Os nossos pensamentos podem mudar e orientar nossas ações; entretanto, as ações provenientes de tais pensamentos precisam estar mergulhadas nas intenções corretas do coração (Salmo 51.10; Provérbios 4.23). O pensamento de René Descartes baseia-se no “cogito, ergo sum”, ou “penso, logo existo”. Ou seja, o homem é aquilo que pensa. Já Agostinho dizia que o homem é aquilo que ama; ele é aquilo que está no seu coração. Considerando os argumentos destes autores, ofereço uma sugestão: mude o seu coração para mudar os seus pensamentos! Para tanto, precisamos estar atentos a que tipo de informação estamos expostos, e o quê, como e por quê estamos comunicando ou reverberando nossas percepções.
Paralelo a isso, esbarramos na abordagem de Narciso Irala, que trata das faculdades emissivas e receptivas (IRALA, 1982). As faculdades emissivas versam sobre as capacidades construtivas, com enfoque na continuidade e concentração. Isso está associado ao processo criativo, de acordo com a sua própria decisão e vontade. Já as faculdades receptivas tratam da recepção e processamento das informações sensoriais. Isso contribui para a formação de conceitos e novos conhecimentos por meio de associações, por exemplo. Nossa vida intelectual depende do que recebemos e do que emitimos. Uma coisa está relacionada à outra.
Para gerarmos um conhecimento profundo sobre Deus a partir do conhecimento não-verbal (leitura da Bíblia, contato histórico-literário, etc.), por exemplo, precisamos utilizar a comunicação verbal por meio da evocação e classificação das nossas percepções, oriundas das nossas experiências pessoais com o Espírito Santo. Diferente do que alguns podem pensar, o conhecimento não-verbal não é apenas um ajuntamento de meras descrições textuais; aqui, os dons espirituais manifestos na Igreja Primitiva, são fatores relevantes para a apreensão e geração de um conhecimento bíblico fidedigno e comprovável (1 João 5.10).
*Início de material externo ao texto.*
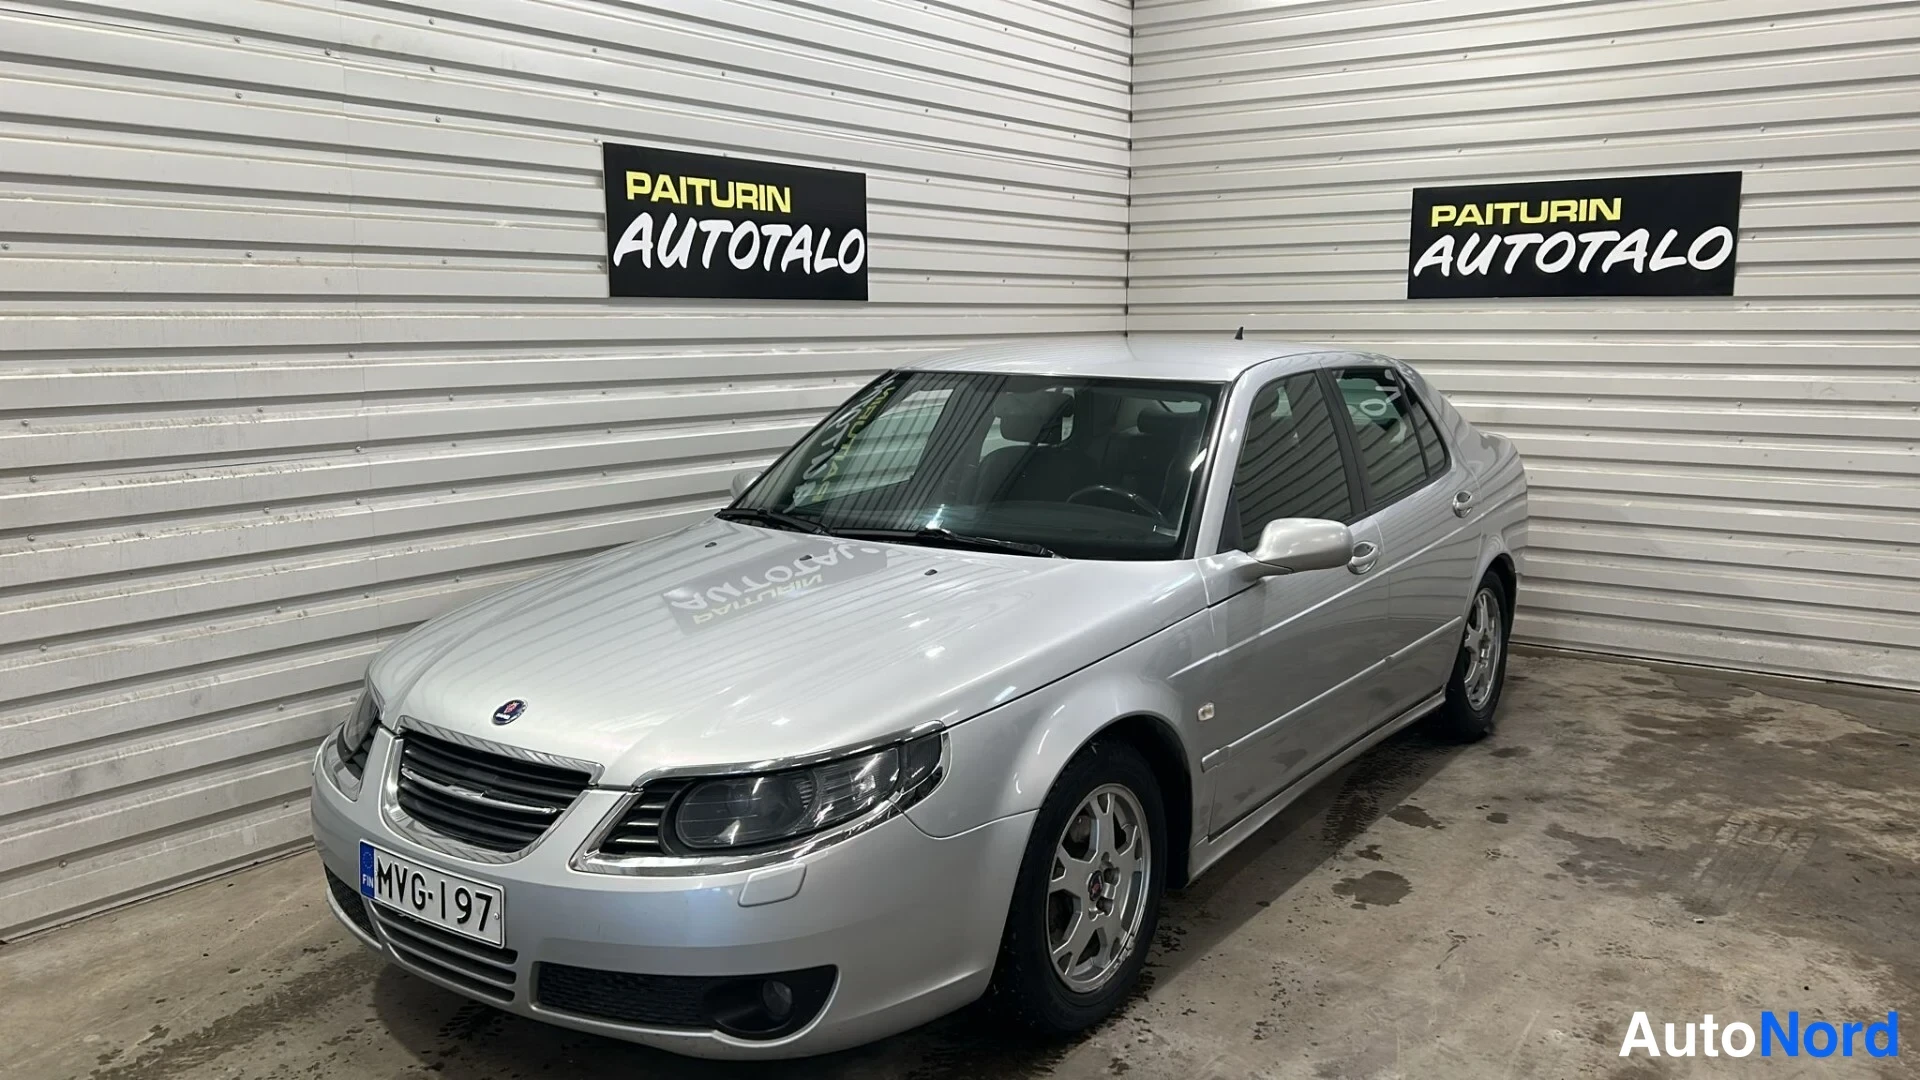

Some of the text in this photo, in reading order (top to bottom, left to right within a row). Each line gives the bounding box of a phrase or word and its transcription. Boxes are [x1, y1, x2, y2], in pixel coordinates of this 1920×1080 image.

A busca pela intelecção por meio de estudo bíblico e de experiências pessoais com Deus é um dos alicerces básicos para uma vida cristã plena e saudável. É preciso conhecer o Deus que servimos, para reconhecermos verdadeiramente quem Ele é. Porém, precisamos ir além dos muros das igrejas e buscar ferramentas metodológicas e pedagógicas que melhorem nossa capacidade cognitiva, fortalecendo nossas estratégias de aprendizagem.
Ser um intelectual na Palavra de Deus não depende meramente de como você conhece as Escrituras; depende, também, de quão profundo você é na substância e essência do texto bíblico, e qual o significado você extrai para sua vida.
Referências
CONSOLI, M. L. M.; UNZUETA, E. G.; DELUCIO, K.; LLAMAS, J. What shade of spirituality? Exploring spirituality, religiosity, meaning making, and thriving among Latina/o undergraduates. Counseling and Values, v.63, p.232–253, 2018.
ERICKSON, E. M.; ZEIG, J. K. The letters of Milton H. Erickson. Phoenix: Zeig, Tucker & Theisen, Incorporated, 393p., 2000.
IRALA, N. Control cerebral y emocional. Bilbao: Editorial Sal Terrae, 1982. 276p.
LITALIEN, M.; ATARI, D. O.; OBASI, I. The influence of religiosity and spirituality on health in Canada: A systematic literature review. Journal of Religion and Health, 2021.
LU, J.; POTTS, C.A.; ALLEN, R.S.; LEWIS, P. D.; JOHNSON, K. A. AN Exploration of Spiritual Well-being Among Homeless People: A Hierarchical Regression Analysis. Journal of Religion and Health, 2021.